# [TO DO]
This exercise calls for every record to be set down again, exactly and in full.

** Opening MATERIAL FOR THIS EXERCISE block **

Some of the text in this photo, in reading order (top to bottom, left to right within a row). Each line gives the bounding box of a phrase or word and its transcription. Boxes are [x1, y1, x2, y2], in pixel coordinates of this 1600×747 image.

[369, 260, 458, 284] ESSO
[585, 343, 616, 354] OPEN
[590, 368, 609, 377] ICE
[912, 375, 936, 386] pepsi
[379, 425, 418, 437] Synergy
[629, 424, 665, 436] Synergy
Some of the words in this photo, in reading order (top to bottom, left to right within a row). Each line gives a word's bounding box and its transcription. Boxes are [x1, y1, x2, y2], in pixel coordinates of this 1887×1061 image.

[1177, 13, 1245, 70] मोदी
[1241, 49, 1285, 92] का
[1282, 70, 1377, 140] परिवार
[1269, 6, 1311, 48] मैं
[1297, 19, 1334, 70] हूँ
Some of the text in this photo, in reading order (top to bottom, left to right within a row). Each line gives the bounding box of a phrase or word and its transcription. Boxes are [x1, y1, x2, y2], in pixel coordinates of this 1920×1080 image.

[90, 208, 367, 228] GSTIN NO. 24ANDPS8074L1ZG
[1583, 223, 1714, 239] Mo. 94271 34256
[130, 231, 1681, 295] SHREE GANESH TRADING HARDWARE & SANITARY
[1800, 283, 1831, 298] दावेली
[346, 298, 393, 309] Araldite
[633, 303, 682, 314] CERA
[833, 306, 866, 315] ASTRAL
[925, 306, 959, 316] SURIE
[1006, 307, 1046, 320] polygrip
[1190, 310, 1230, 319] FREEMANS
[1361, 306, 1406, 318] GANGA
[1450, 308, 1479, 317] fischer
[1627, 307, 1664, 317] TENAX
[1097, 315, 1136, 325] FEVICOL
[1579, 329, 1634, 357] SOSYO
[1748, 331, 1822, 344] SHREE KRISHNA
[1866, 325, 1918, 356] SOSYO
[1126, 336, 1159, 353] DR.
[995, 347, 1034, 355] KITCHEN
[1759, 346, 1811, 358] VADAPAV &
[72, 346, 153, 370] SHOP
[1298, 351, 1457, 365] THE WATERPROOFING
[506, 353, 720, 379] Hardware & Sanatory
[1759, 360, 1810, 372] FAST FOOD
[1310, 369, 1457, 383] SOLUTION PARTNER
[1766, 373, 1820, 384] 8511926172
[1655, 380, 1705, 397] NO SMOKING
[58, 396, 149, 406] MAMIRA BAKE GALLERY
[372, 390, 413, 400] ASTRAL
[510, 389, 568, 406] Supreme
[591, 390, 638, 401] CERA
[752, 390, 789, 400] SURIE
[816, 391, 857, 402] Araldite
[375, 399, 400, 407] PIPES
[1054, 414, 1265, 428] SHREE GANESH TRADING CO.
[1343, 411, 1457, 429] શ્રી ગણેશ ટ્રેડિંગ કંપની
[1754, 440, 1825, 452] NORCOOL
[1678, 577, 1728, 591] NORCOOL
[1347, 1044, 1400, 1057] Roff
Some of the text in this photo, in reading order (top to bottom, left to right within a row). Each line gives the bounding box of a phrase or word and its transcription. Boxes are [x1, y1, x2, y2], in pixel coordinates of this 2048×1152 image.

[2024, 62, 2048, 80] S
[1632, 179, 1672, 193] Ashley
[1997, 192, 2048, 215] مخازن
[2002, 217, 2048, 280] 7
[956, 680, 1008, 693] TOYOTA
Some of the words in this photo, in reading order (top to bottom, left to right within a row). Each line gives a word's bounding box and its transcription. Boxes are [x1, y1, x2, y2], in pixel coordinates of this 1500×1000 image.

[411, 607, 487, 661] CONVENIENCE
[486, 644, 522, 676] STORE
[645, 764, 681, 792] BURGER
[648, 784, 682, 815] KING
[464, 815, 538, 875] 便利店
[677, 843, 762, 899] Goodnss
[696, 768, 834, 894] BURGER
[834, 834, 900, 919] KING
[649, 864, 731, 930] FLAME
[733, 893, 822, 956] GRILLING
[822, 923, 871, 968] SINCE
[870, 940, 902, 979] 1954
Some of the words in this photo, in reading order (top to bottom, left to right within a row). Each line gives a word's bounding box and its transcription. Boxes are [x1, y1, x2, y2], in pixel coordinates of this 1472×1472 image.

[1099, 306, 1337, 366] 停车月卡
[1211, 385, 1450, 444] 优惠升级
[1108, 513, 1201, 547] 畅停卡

** Closing MATERIAL FOR THIS EXERCISE block **

# [WRITTEN RESPONSE]
Some of the text in this photo, in reading order (top to bottom, left to right within a row). Each line gives the bounding box of a phrase or word and its transcription. Boxes are [x1, y1, x2, y2], in pixel coordinates of this 1600×747 image.

[369, 260, 458, 284] ESSO
[585, 343, 616, 354] OPEN
[590, 368, 609, 377] ICE
[912, 375, 936, 386] pepsi
[379, 425, 418, 437] Synergy
[629, 424, 665, 436] Synergy
Some of the words in this photo, in reading order (top to bottom, left to right within a row). Each line gives a word's bounding box and its transcription. Boxes are [x1, y1, x2, y2], in pixel coordinates of this 1887×1061 image.

[1177, 13, 1245, 70] मोदी
[1241, 49, 1285, 92] का
[1282, 70, 1377, 140] परिवार
[1269, 6, 1311, 48] मैं
[1297, 19, 1334, 70] हूँ
Some of the text in this photo, in reading order (top to bottom, left to right within a row). Each line gives the bounding box of a phrase or word and its transcription. Boxes are [x1, y1, x2, y2], in pixel coordinates of this 1920×1080 image.

[90, 208, 367, 228] GSTIN NO. 24ANDPS8074L1ZG
[1583, 223, 1714, 239] Mo. 94271 34256
[130, 231, 1681, 295] SHREE GANESH TRADING HARDWARE & SANITARY
[1800, 283, 1831, 298] दावेली
[346, 298, 393, 309] Araldite
[633, 303, 682, 314] CERA
[833, 306, 866, 315] ASTRAL
[925, 306, 959, 316] SURIE
[1006, 307, 1046, 320] polygrip
[1190, 310, 1230, 319] FREEMANS
[1361, 306, 1406, 318] GANGA
[1450, 308, 1479, 317] fischer
[1627, 307, 1664, 317] TENAX
[1097, 315, 1136, 325] FEVICOL
[1579, 329, 1634, 357] SOSYO
[1748, 331, 1822, 344] SHREE KRISHNA
[1866, 325, 1918, 356] SOSYO
[1126, 336, 1159, 353] DR.
[995, 347, 1034, 355] KITCHEN
[1759, 346, 1811, 358] VADAPAV &
[72, 346, 153, 370] SHOP
[1298, 351, 1457, 365] THE WATERPROOFING
[506, 353, 720, 379] Hardware & Sanatory
[1759, 360, 1810, 372] FAST FOOD
[1310, 369, 1457, 383] SOLUTION PARTNER
[1766, 373, 1820, 384] 8511926172
[1655, 380, 1705, 397] NO SMOKING
[58, 396, 149, 406] MAMIRA BAKE GALLERY
[372, 390, 413, 400] ASTRAL
[510, 389, 568, 406] Supreme
[591, 390, 638, 401] CERA
[752, 390, 789, 400] SURIE
[816, 391, 857, 402] Araldite
[375, 399, 400, 407] PIPES
[1054, 414, 1265, 428] SHREE GANESH TRADING CO.
[1343, 411, 1457, 429] શ્રી ગણેશ ટ્રેડિંગ કંપની
[1754, 440, 1825, 452] NORCOOL
[1678, 577, 1728, 591] NORCOOL
[1347, 1044, 1400, 1057] Roff
Some of the text in this photo, in reading order (top to bottom, left to right within a row). Each line gives the bounding box of a phrase or word and its transcription. Boxes are [x1, y1, x2, y2], in pixel coordinates of this 2048×1152 image.

[2024, 62, 2048, 80] S
[1632, 179, 1672, 193] Ashley
[1997, 192, 2048, 215] مخازن
[2002, 217, 2048, 280] 7
[956, 680, 1008, 693] TOYOTA
Some of the words in this photo, in reading order (top to bottom, left to right within a row). Each line gives a word's bounding box and its transcription. Boxes are [x1, y1, x2, y2], in pixel coordinates of this 1500×1000 image.

[411, 607, 487, 661] CONVENIENCE
[486, 644, 522, 676] STORE
[645, 764, 681, 792] BURGER
[648, 784, 682, 815] KING
[464, 815, 538, 875] 便利店
[677, 843, 762, 899] Goodnss
[696, 768, 834, 894] BURGER
[834, 834, 900, 919] KING
[649, 864, 731, 930] FLAME
[733, 893, 822, 956] GRILLING
[822, 923, 871, 968] SINCE
[870, 940, 902, 979] 1954
Some of the words in this photo, in reading order (top to bottom, left to right within a row). Each line gives a word's bounding box and its transcription. Boxes are [x1, y1, x2, y2], in pixel coordinates of this 1472×1472 image.

[1099, 306, 1337, 366] 停车月卡
[1211, 385, 1450, 444] 优惠升级
[1108, 513, 1201, 547] 畅停卡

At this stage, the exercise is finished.